Baghdad mosque attack kills MP, 27 others


Men gathered Monday at Baghdad’s biggest Sunni mosque for the funeral of one of at least 28 people, including a lawmaker, killed in a suicide attack that has been blamed on Al-Qaeda.
The blast was part of nationwide violence that left 35 dead on Sunday, just days before the conclusion of the holy Muslim fasting month of Ramadan and the Eid al-Fitr festival that marks its end.
An interior ministry official said 28 people were killed and 37 wounded in the attack late on Sunday.
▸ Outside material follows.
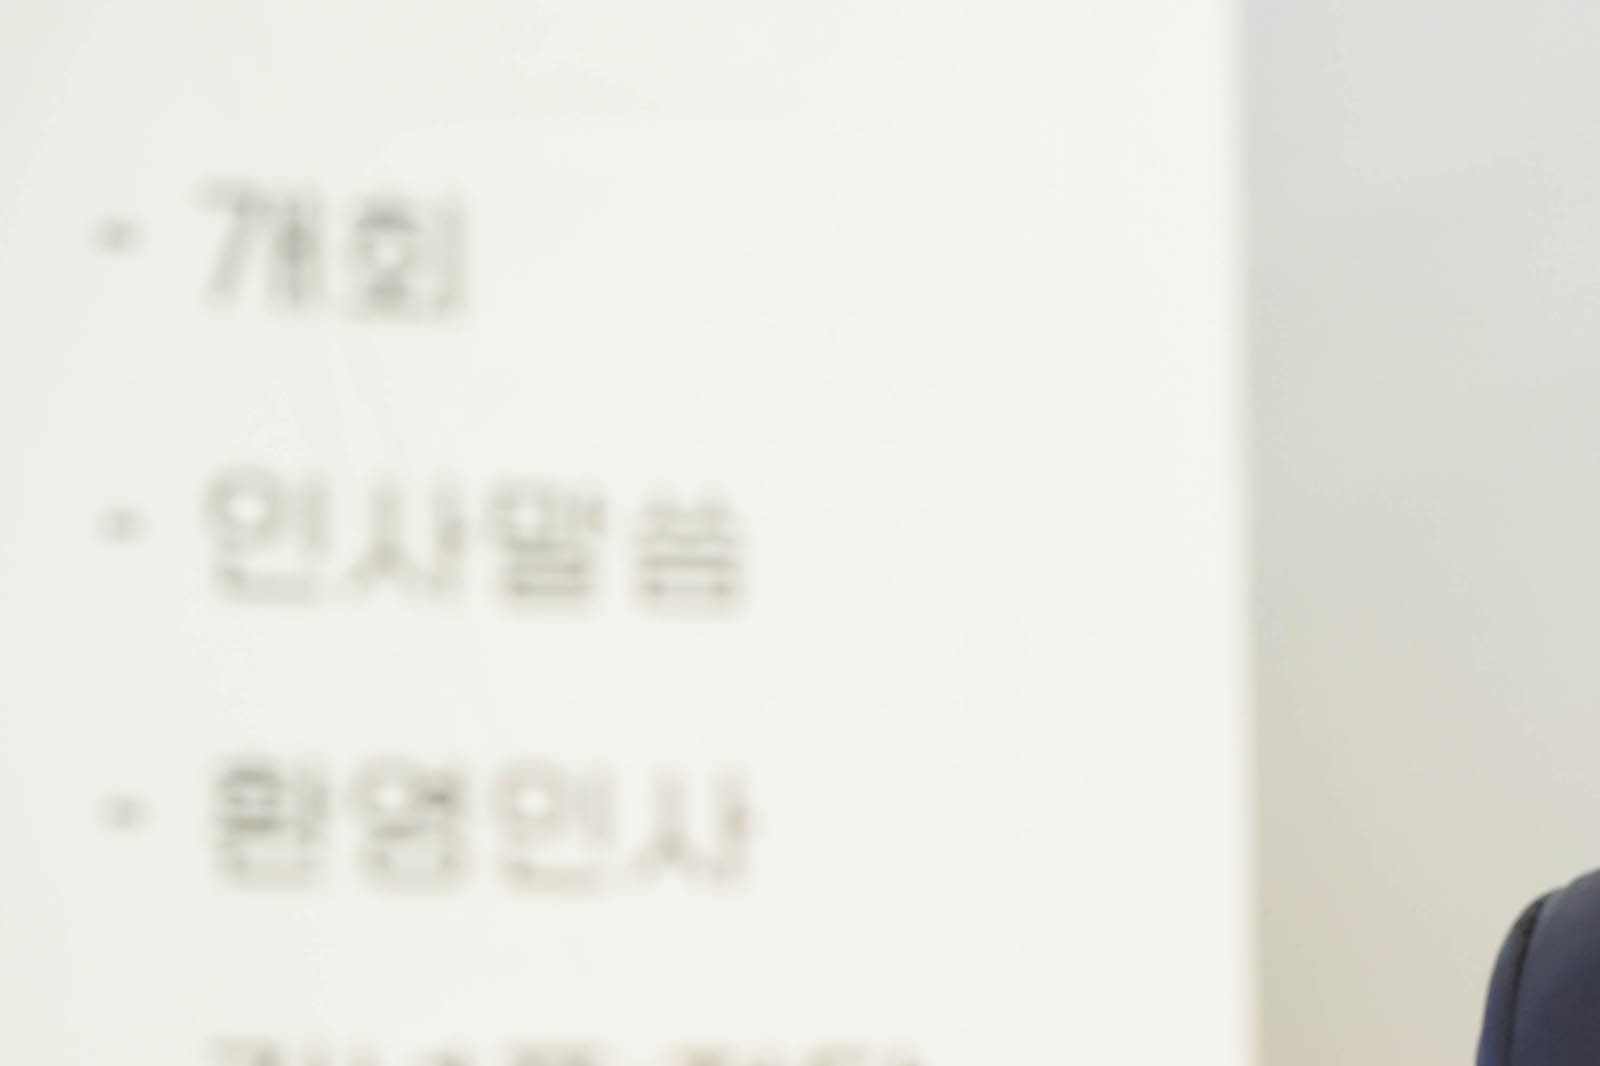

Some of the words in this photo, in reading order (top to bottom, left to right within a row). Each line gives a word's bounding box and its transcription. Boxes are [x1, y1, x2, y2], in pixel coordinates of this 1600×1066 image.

A defence ministry official on Monday put the toll at 30 dead and 34 wounded.
The suicide blast was quickly condemned by Prime Minister Nuri al-Maliki and parliament speaker Osama al-Nujaifi.
Among the dead were Khaled al-Fahdawi, an MP from western Anbar province allied with the Sunni-backed Iraqiya bloc, the interior ministry official said. Elderly men and children were also among the casualties.
About 40 men gathered Monday in a garden near the mosque to pray over the body of Abdel-Rizzak Mohsen al-Samarrai, a staff member of the Sunni Endowment, which is responsible for Sunni Muslim religious sites across Iraq and is based at the blue-domed Umm al-Qura mosque in west Baghdad that was targeted.
His body, which was placed in an Iraqi flag-draped coffin, was then taken for burial.
Blood stained the walls inside the mosque, while what appeared to be pieces of flesh, ceramic tiles, broken chairs and blood-soaked blankets used to carry the wounded were scattered across floor.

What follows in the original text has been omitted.